Yes you're right but is it really easier to make sure everyone adds the right symbol in the right place or that they just respect the number of white spaces ? That's something I've been asking myself when I was coding but I don't have a clear preference for any of these options so I'm open to discussion.
Also, the way the code is implemented right now, there's no need for a symbol in description and notes because the code will just take everything that's in these sections and store it as a paragraph. I also don't see a genuine utility in having different symbols for the inputs and outputs as they are in different sections and thus can't be mixed up. But it might however be more visual to have these different arrows.

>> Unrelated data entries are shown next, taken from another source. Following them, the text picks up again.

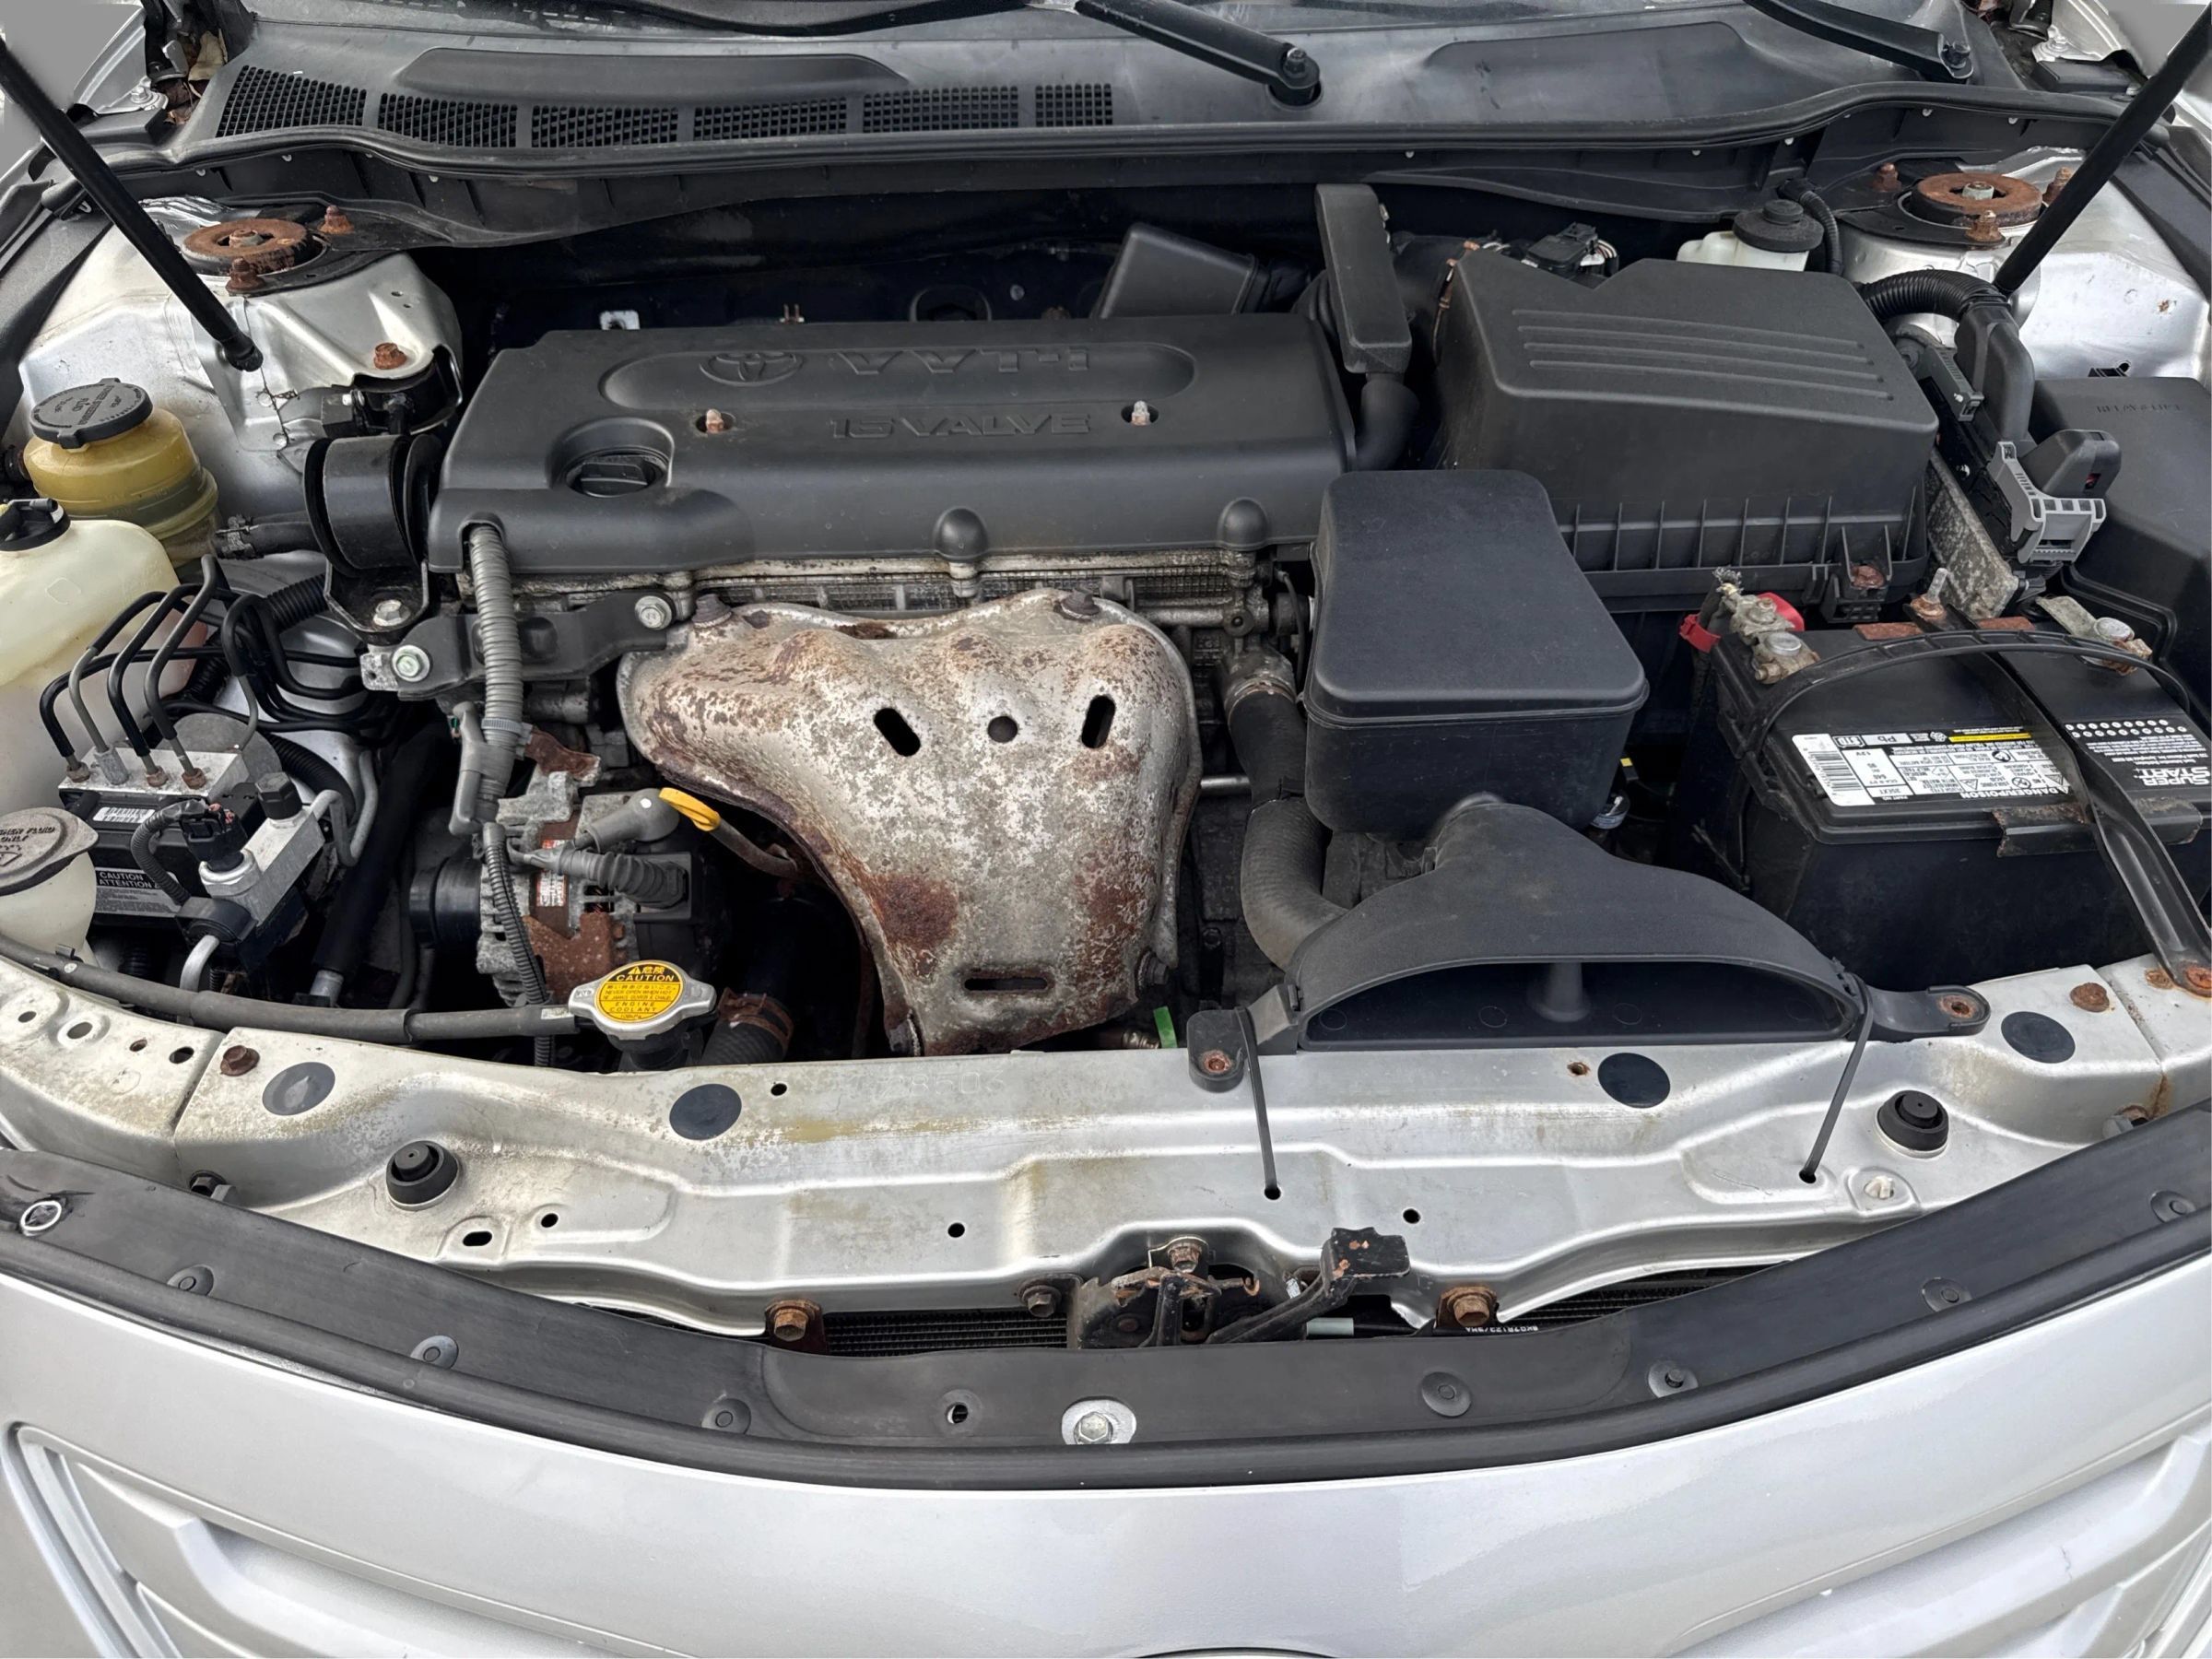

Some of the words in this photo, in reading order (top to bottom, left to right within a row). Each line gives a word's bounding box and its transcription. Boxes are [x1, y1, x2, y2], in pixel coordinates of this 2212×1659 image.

[900, 413, 1092, 438] VALVE
[1877, 735, 1897, 744] Pb
[2136, 766, 2211, 779] START
[2141, 776, 2210, 786] SUPER
[1959, 787, 2059, 798] DANGER/POISON
[100, 871, 144, 881] CAUTION
[99, 878, 152, 888] ATTENTION
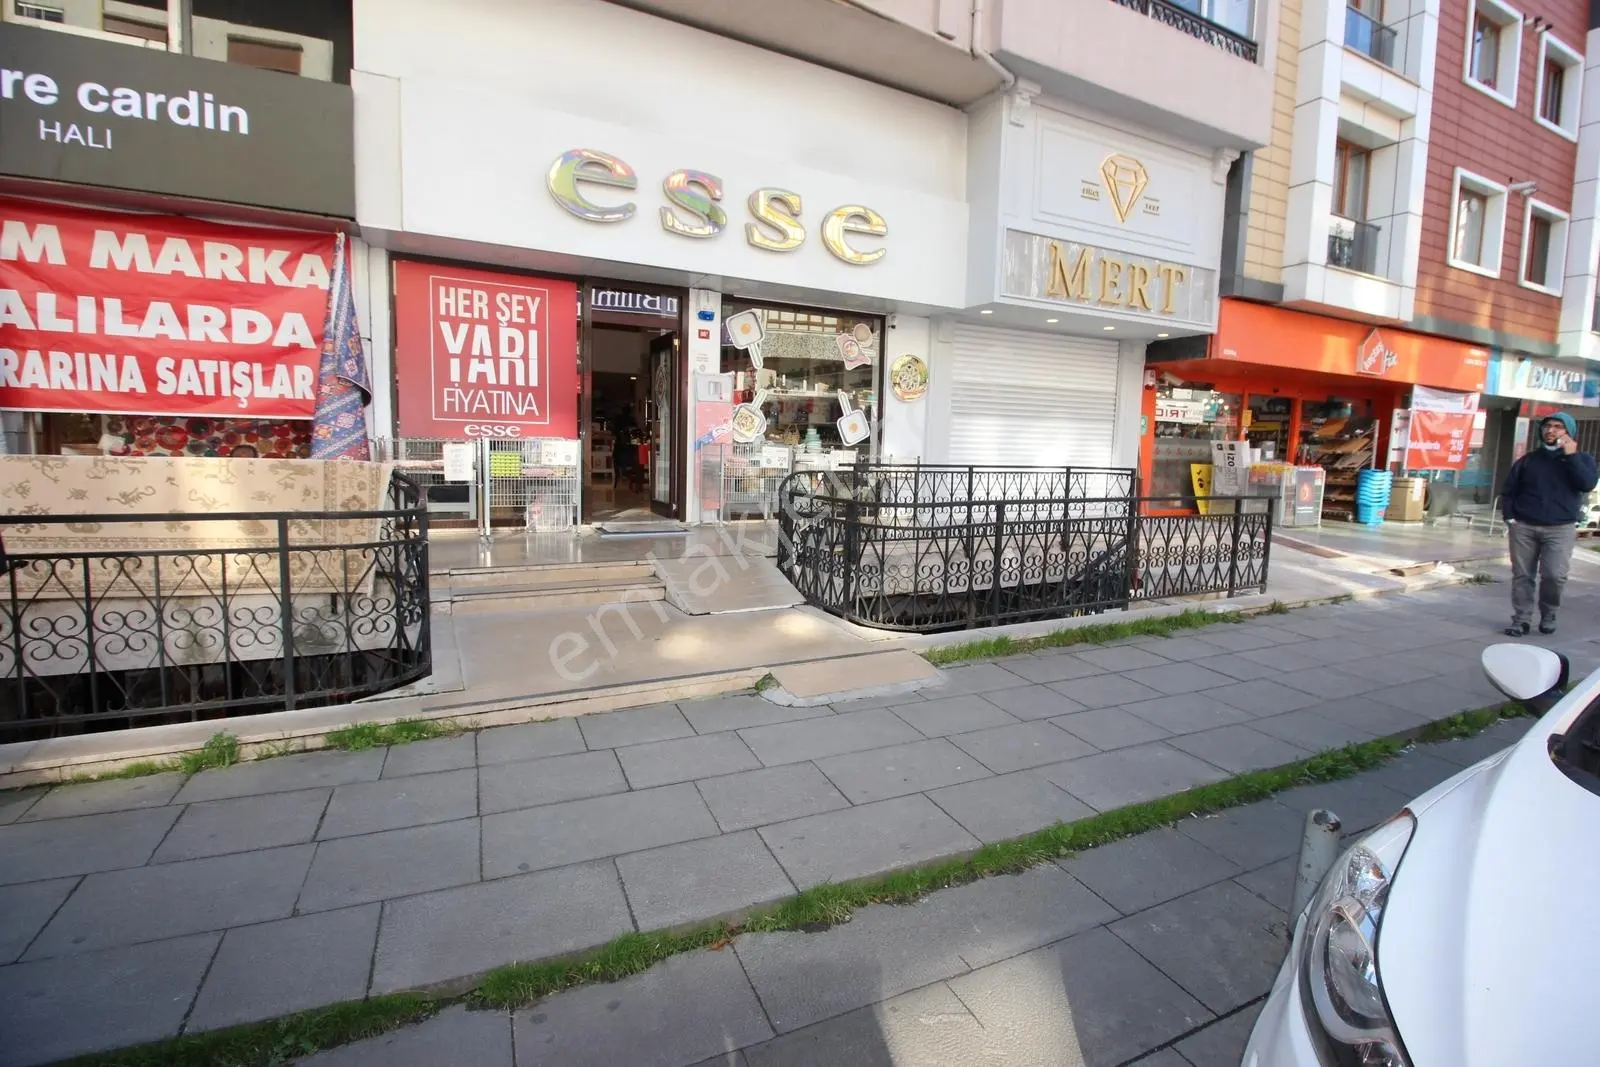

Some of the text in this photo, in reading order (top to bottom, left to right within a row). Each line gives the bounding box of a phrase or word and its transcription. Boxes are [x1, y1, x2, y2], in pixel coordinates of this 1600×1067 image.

[39, 119, 112, 150] HALI
[77, 81, 249, 135] cardin
[545, 148, 888, 266] esse
[89, 229, 330, 290] MARKA
[1047, 241, 1184, 314] MERT
[0, 288, 317, 349] ALILARDA
[439, 285, 541, 327] HER ŞEY
[155, 356, 316, 408] SATIŞLAR
[442, 383, 539, 416] FİYATINA
[463, 424, 521, 437] esse

The problem with the whitespaces is actually the implementation (tabs vs spaces vs null characters, etc.). There's a lot of ways to add space in a text editor. However with a symbol it's easy to know which one.
The question of someone putting the right character is not relevant since it is the same for every way we find (number of spaces, etc.).
you are right for the description and notes, but I'm talking more about the input/outputs.

gab-berest · 2020-07-02T22:44:00Z

parser/parse_doc.m

@@ -0,0 +1,88 @@
+function docStruct = parse_doc(functionPath)
+%PARSE_DOC Generates a structure from the input function's documentation.


Maybe it's something that was agreed previously, but is it necessary to have a struct? Isn't it a better idea to have a dictionary (map) so you can input any information needed in the header like examples, etc. and make a test at the end of the parse to check that minimal sections are present?

I decided to go with a struct mainly because it was something I knew how to use. 😉 I'm not familiar with dictionaries but if you think that might be a better solution I'd be glad to discuss about it ! Is this what you are referring to ?

Yes, that's exactly what I'm thinking about. I think maps or set depending on what we want could be more versatile.

gab-berest · 2020-07-02T22:48:14Z

parser/parse_doc.m

+% Initialize a cell that will receive the lines in the description
+functionDoc = [];
+
+textLine = fgetl(functionTxt);


This line is duplicated with the one at line 55. could it be possible to fgetl at the begining of the while loop so you have it only once.

The condition for my while loop is length(textLine) >= 1 so I need to call it before entering the loop...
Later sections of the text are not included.